___ Records to process ___

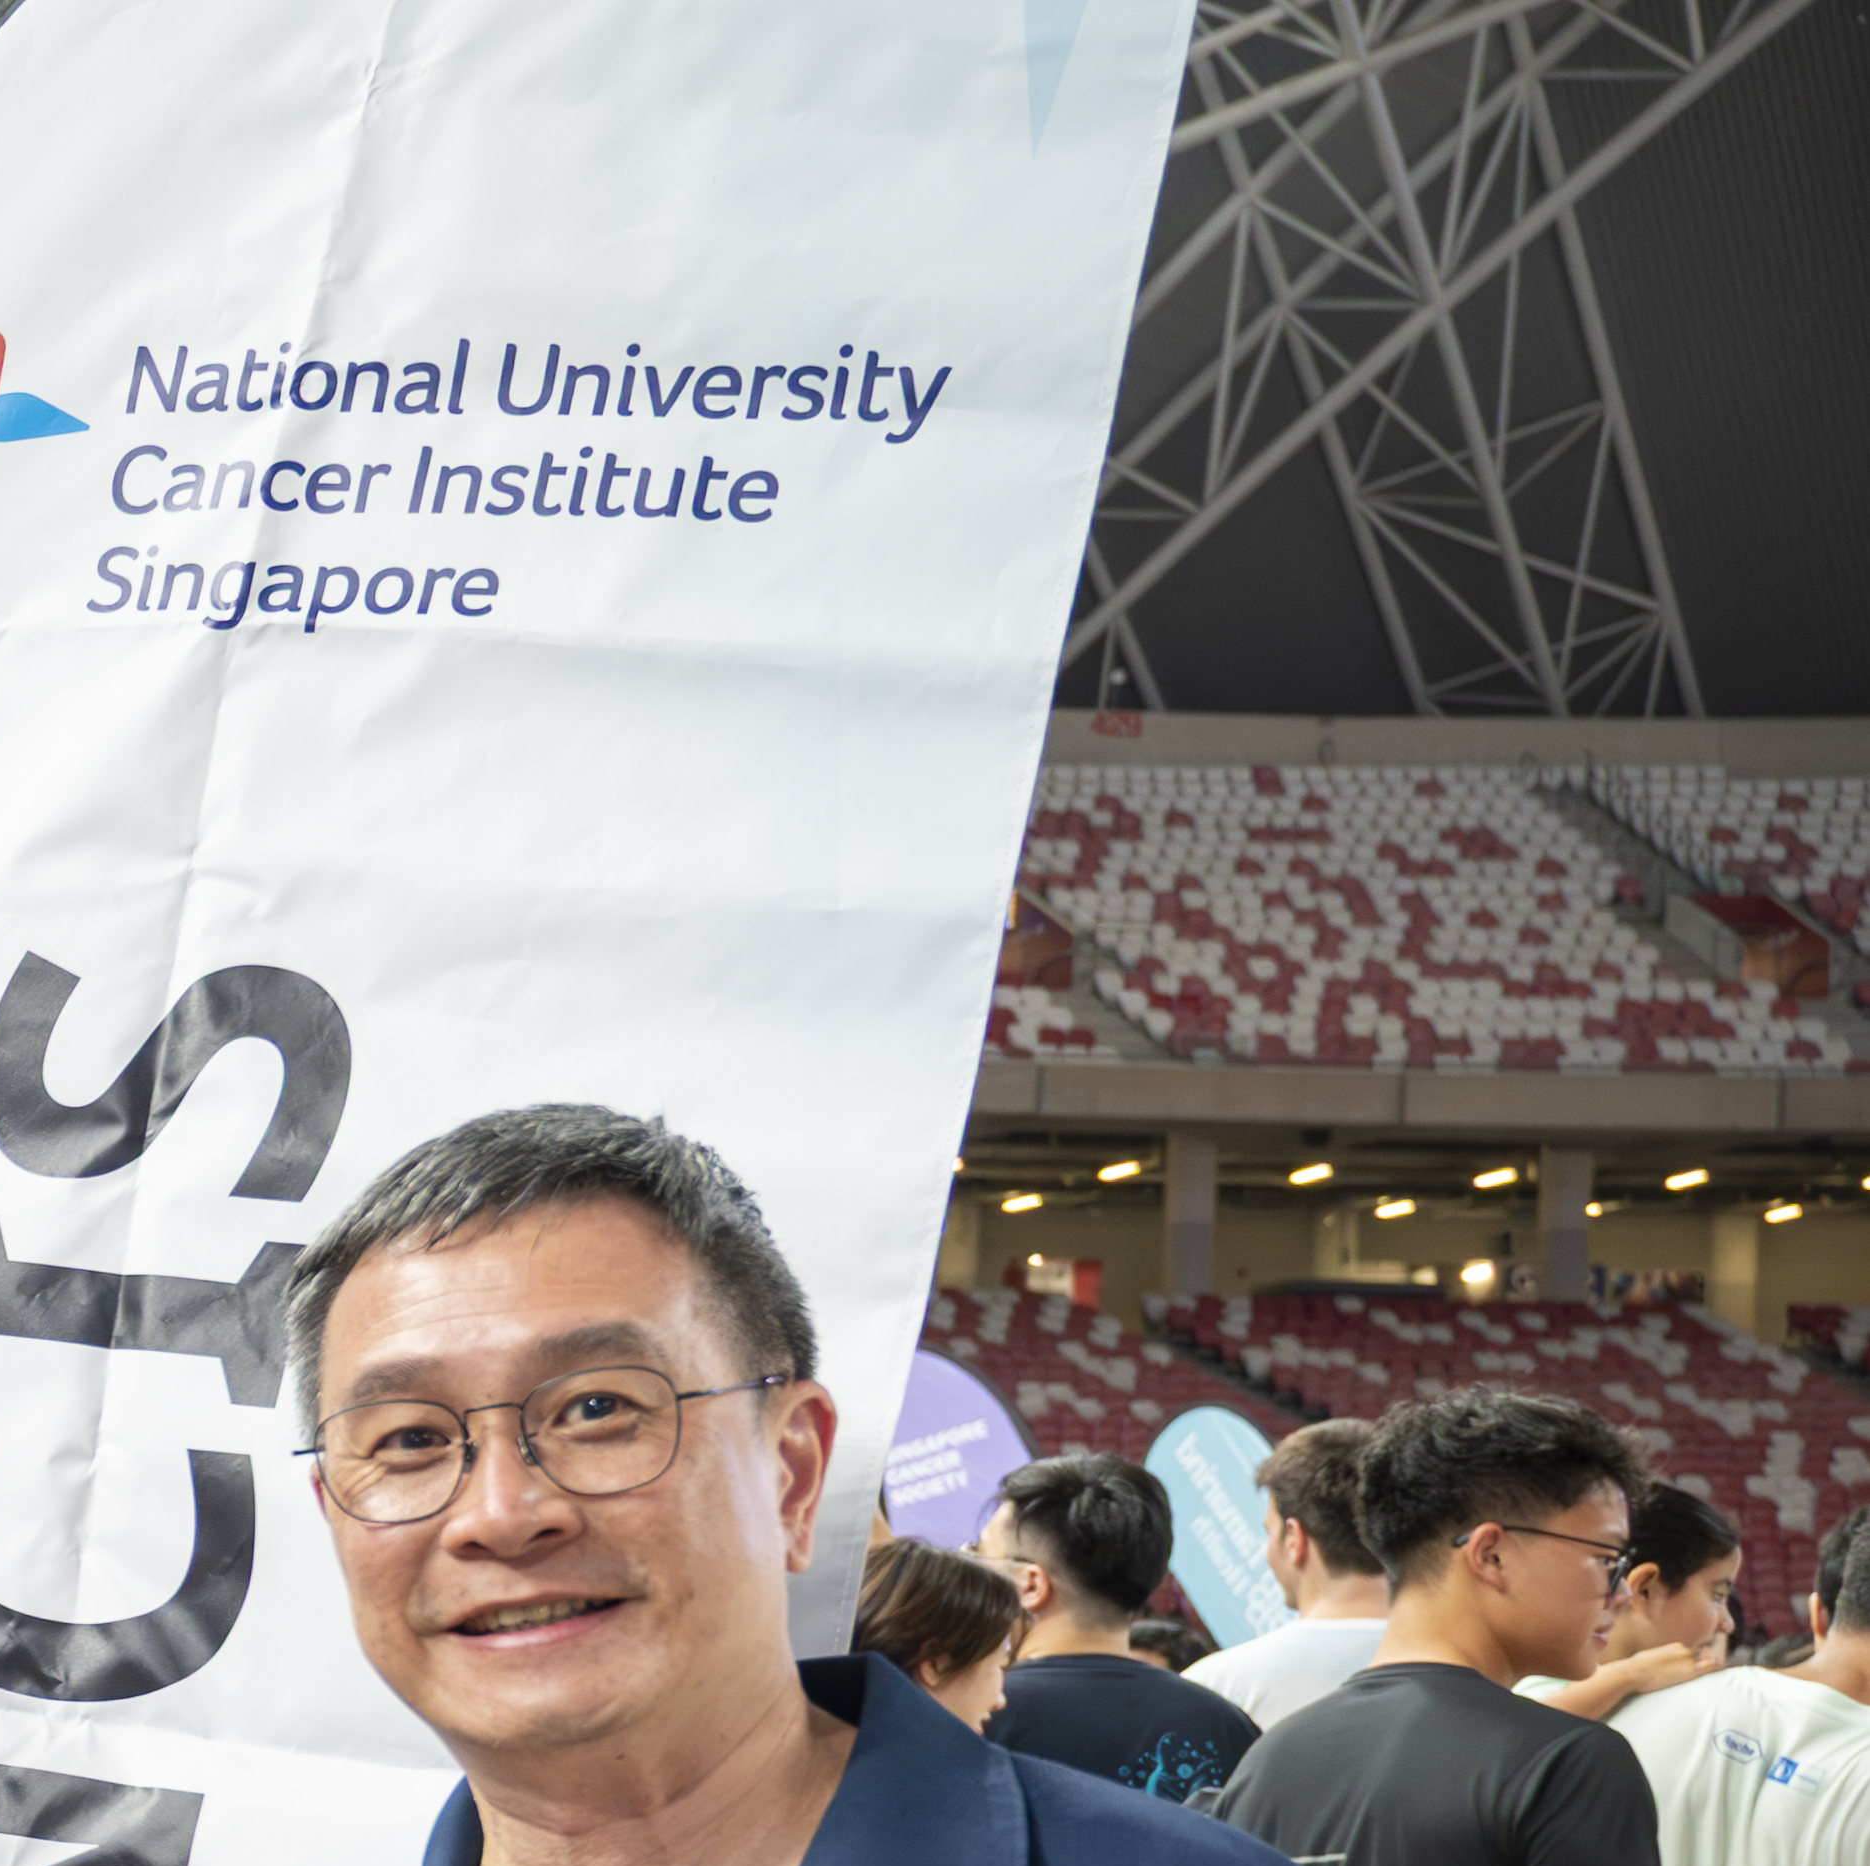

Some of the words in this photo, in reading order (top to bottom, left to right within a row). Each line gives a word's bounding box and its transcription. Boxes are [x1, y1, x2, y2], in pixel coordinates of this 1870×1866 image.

[124, 339, 469, 419] National
[497, 340, 953, 444] University
[109, 445, 392, 518] Cancer
[407, 448, 780, 524] Institute
[86, 545, 501, 634] Singapore
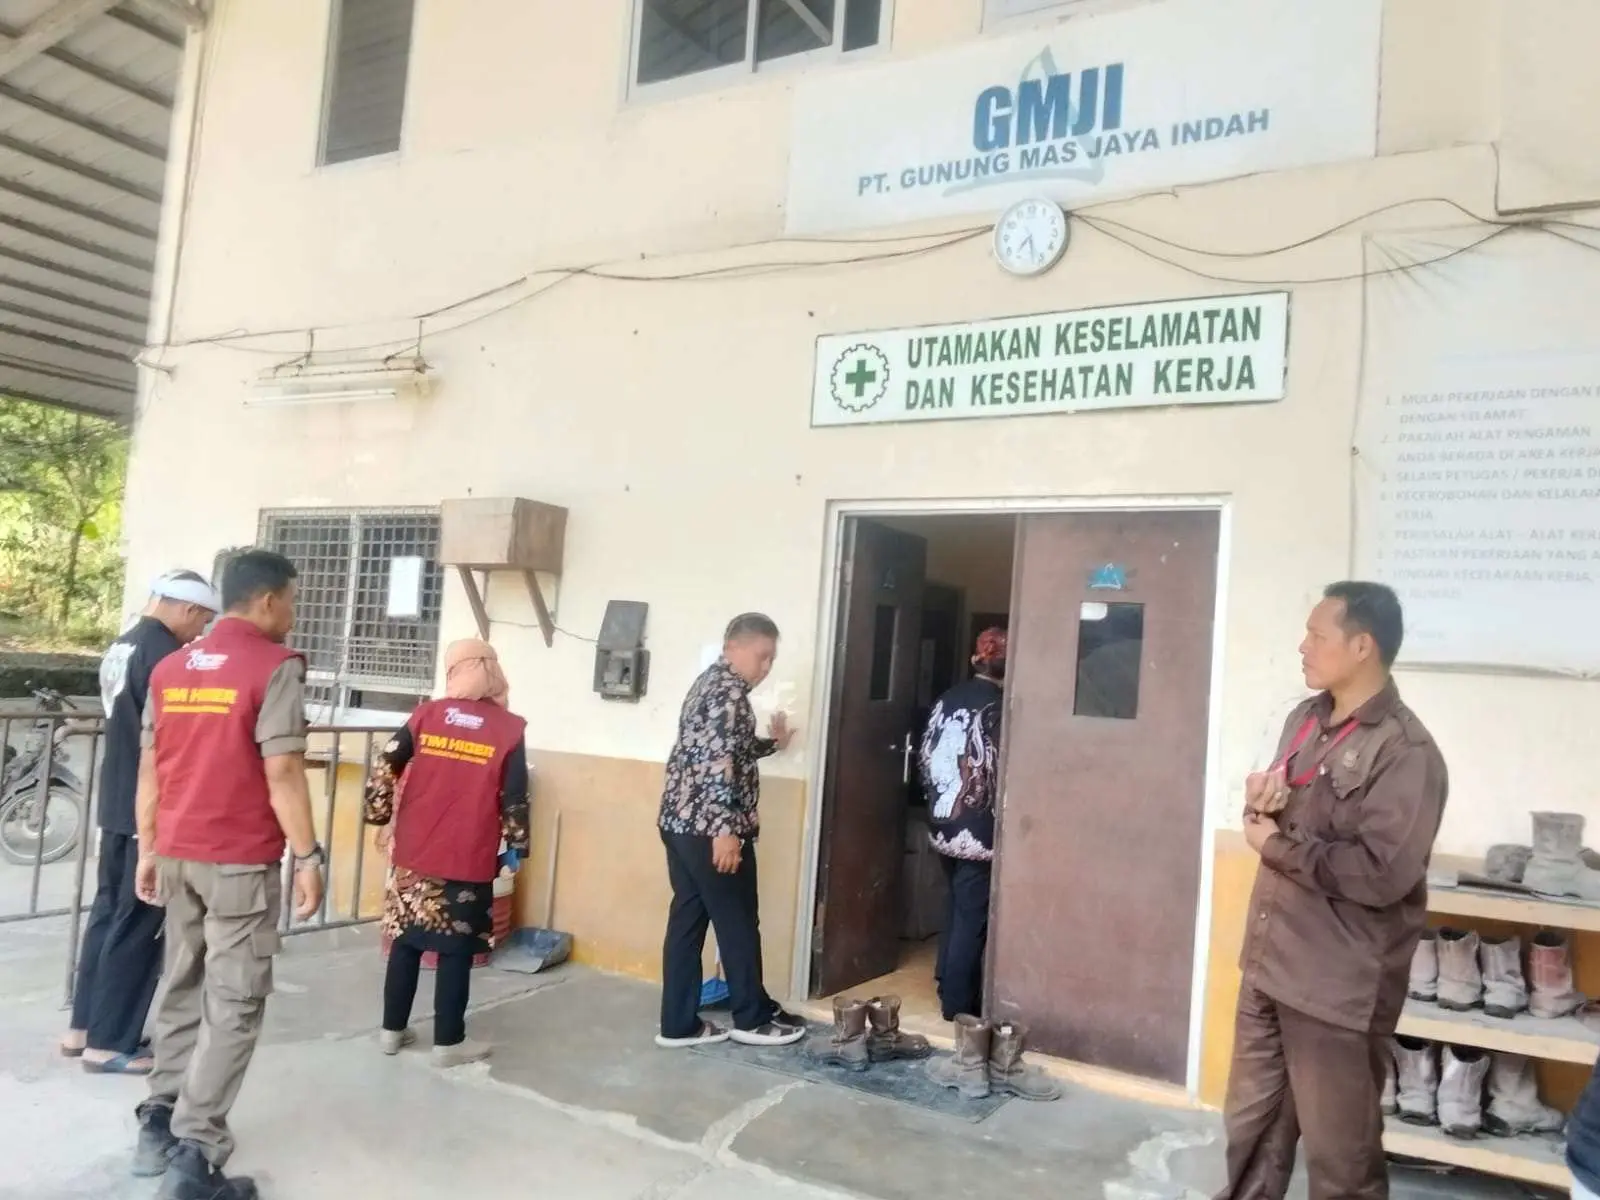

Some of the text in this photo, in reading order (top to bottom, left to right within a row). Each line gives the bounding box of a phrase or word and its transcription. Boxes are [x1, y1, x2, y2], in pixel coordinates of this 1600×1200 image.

___

- _What is required_
Write out the listing above exactly, images omitted.

- _Expected output_
Some of the words in this photo, in reading order (top to bottom, left to right within a row). Each line gives a word's bounding box and its transcription. Boxes are [x1, y1, x2, y2], in pixel coordinates of this 1870×1866 image.

[124, 339, 469, 419] National
[497, 340, 953, 444] University
[109, 445, 392, 518] Cancer
[407, 448, 780, 524] Institute
[86, 545, 501, 634] Singapore

Some of the text in this photo, in reading order (top to bottom, left to right within a row). Each line gives the bounding box of a phrase or word and its transcription. Boxes are [x1, y1, x2, y2], in pixel coordinates of this 1600×1200 image.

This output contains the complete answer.